Dr Wu’s structural studies challenge the traditional view of signal transduction as a string of recruitment and allosteric events. As a recurrent theme, Dr Wu observed that upon ligand stimulation, many innate immune receptors assemble large oligomeric intracellular signaling complexes, or "signalosomes," to induce the activation of caspases, kinases and ubiquitin ligases, leading to cell death, cytokine maturation or expression of gene products for immune and inflammatory responses. A number of different scaffolds, including a helical scaffold by members of the death domain family, have been identified from these structural studies, which provide a molecular foundation for understanding the formation of microscopically visible signaling clusters in cells.

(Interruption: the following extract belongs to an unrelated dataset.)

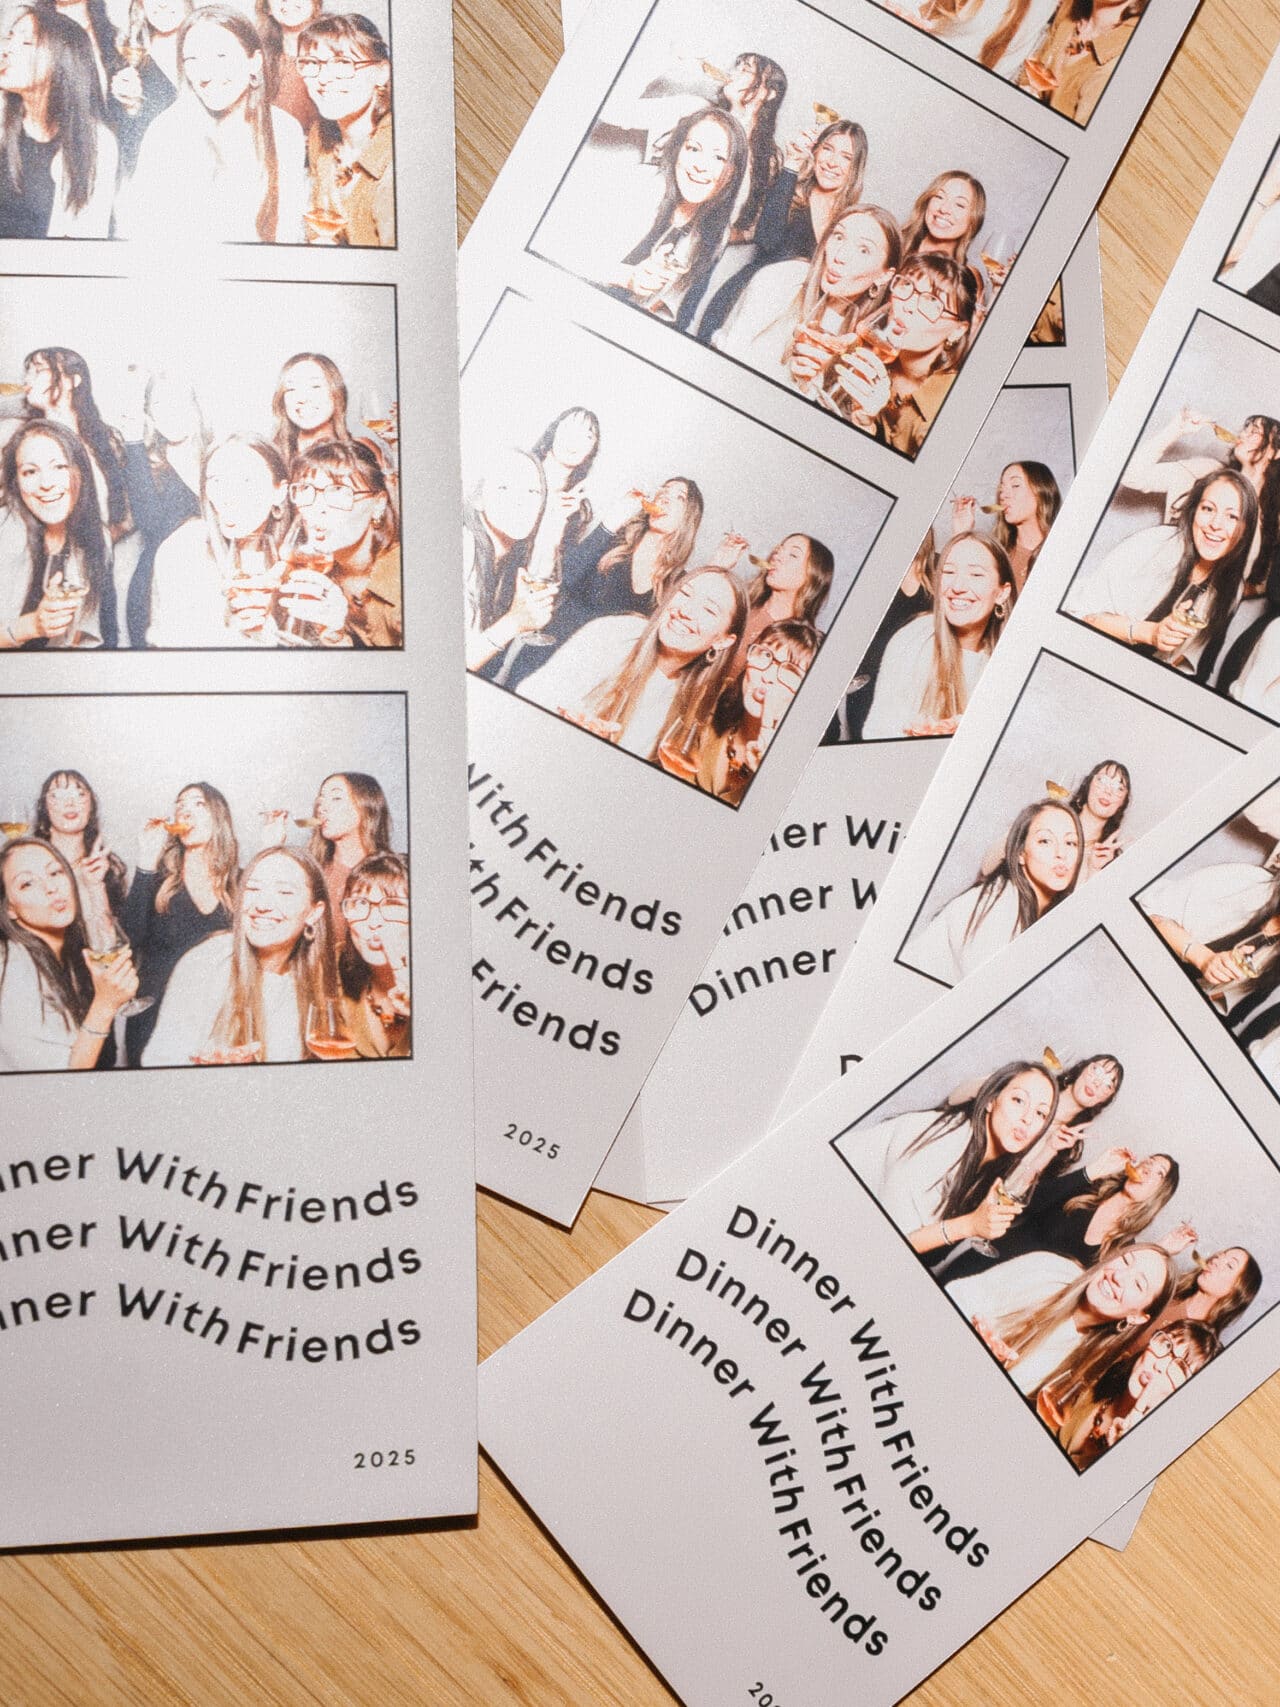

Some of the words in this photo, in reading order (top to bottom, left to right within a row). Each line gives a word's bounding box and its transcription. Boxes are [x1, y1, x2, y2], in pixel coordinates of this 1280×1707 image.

Dr Wu received her pre-medical training in Peking University from 1982 to 1985 and studied Medicine at Peking Union Medical College from 1985 to 1988. She obtained her PhD in Biochemistry from Purdue University in 1992 as an HHMI predoctoral fellow. After performing postdoctoral research at Columbia University as an Aaron Diamond Foundation Fellow, Dr Wu started her faculty appointment at Weill Cornell Medical College in 1997 and was promoted to Professor in 2003. In 2012, Dr Wu became the Asa and Patricia Springer Professor of Biological Chemistry and Molecular Pharmacology at Harvard Medical School and Boston Children’s Hospital.

Dr Wu has received a number of honors including Pew Scholar Award, Rita Allen Scholar Award, New York Mayor’s Award for Excellence in Science and Technology, Biophysical Society Margaret Dayhoff Memorial Award, Protein Society Dorothy Crowfoot Hodgkin Award, International Cytokine and Interferon Society Seymour & Vivian Milstein Award, Biophysical Society Fellows Award and the William B Coley Award. She serves on the Scientific Advisory Council of Cancer Research Institute and the Editorial Board of Cancer Cell, and has been an elected member of the National Academy of Sciences since 2015.